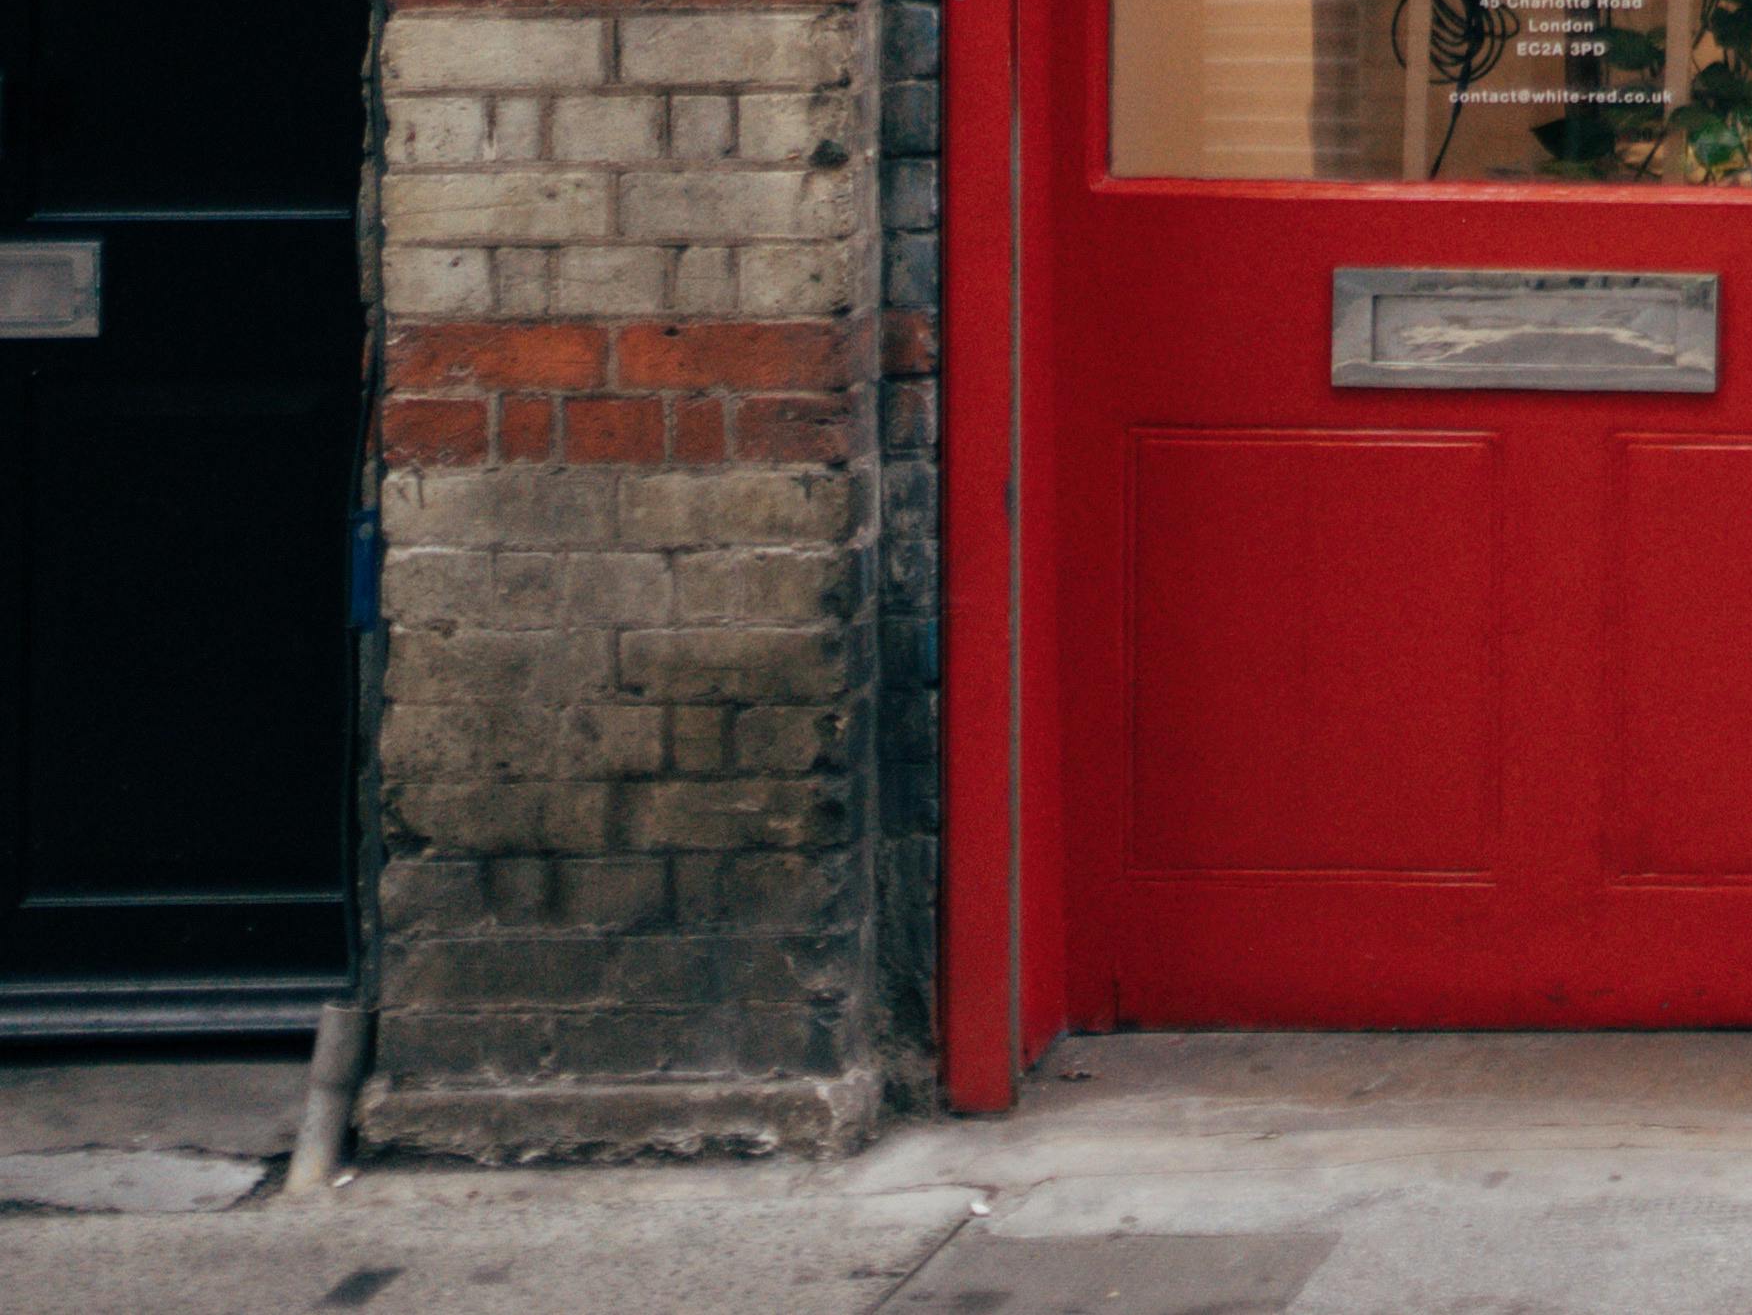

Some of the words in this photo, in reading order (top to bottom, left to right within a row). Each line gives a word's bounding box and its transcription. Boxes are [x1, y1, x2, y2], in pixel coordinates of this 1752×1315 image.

[1528, 19, 1594, 33] London
[1516, 42, 1563, 56] EC2A
[1570, 42, 1606, 56] 3PD
[1449, 89, 1673, 104] contact@white-red.co.uk

════════════════

* [The task] When you print the records above, keep them exact and leave out the pictures.

* [Result]
Some of the words in this photo, in reading order (top to bottom, left to right within a row). Each line gives a word's bounding box and its transcription. Boxes are [x1, y1, x2, y2], in pixel coordinates of this 1752×1315 image.

[1528, 19, 1594, 33] London
[1516, 42, 1563, 56] EC2A
[1570, 42, 1606, 56] 3PD
[1449, 89, 1673, 104] contact@white-red.co.uk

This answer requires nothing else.